Your objective: Give back all the entries below. Omit none of them.

Supplied material:
···

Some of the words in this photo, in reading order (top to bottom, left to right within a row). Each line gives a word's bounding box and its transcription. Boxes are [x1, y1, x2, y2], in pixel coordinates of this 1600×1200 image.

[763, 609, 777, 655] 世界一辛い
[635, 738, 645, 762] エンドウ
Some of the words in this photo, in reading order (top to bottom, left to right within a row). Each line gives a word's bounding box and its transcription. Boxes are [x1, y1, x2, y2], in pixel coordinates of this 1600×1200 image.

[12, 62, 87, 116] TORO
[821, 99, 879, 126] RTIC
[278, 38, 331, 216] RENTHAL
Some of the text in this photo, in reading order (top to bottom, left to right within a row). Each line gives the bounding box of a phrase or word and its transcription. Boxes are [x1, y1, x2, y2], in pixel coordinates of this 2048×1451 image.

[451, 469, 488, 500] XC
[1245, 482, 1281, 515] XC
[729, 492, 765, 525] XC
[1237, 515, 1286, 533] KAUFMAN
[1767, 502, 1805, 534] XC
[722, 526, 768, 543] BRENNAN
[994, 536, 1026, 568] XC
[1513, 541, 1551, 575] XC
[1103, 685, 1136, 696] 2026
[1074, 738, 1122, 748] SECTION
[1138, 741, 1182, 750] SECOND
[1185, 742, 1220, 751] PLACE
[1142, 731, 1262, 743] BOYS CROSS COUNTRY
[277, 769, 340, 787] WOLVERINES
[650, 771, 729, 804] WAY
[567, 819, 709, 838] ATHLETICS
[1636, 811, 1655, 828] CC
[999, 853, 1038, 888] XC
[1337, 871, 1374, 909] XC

···

Response box:
Some of the words in this photo, in reading order (top to bottom, left to right within a row). Each line gives a word's bounding box and its transcription. Boxes are [x1, y1, x2, y2], in pixel coordinates of this 1600×1200 image.

[763, 609, 777, 655] 世界一辛い
[635, 738, 645, 762] エンドウ
Some of the words in this photo, in reading order (top to bottom, left to right within a row). Each line gives a word's bounding box and its transcription. Boxes are [x1, y1, x2, y2], in pixel coordinates of this 1600×1200 image.

[12, 62, 87, 116] TORO
[821, 99, 879, 126] RTIC
[278, 38, 331, 216] RENTHAL
Some of the text in this photo, in reading order (top to bottom, left to right within a row). Each line gives the bounding box of a phrase or word and its transcription. Boxes are [x1, y1, x2, y2], in pixel coordinates of this 2048×1451 image.

[451, 469, 488, 500] XC
[1245, 482, 1281, 515] XC
[729, 492, 765, 525] XC
[1237, 515, 1286, 533] KAUFMAN
[1767, 502, 1805, 534] XC
[722, 526, 768, 543] BRENNAN
[994, 536, 1026, 568] XC
[1513, 541, 1551, 575] XC
[1103, 685, 1136, 696] 2026
[1074, 738, 1122, 748] SECTION
[1138, 741, 1182, 750] SECOND
[1185, 742, 1220, 751] PLACE
[1142, 731, 1262, 743] BOYS CROSS COUNTRY
[277, 769, 340, 787] WOLVERINES
[650, 771, 729, 804] WAY
[567, 819, 709, 838] ATHLETICS
[1636, 811, 1655, 828] CC
[999, 853, 1038, 888] XC
[1337, 871, 1374, 909] XC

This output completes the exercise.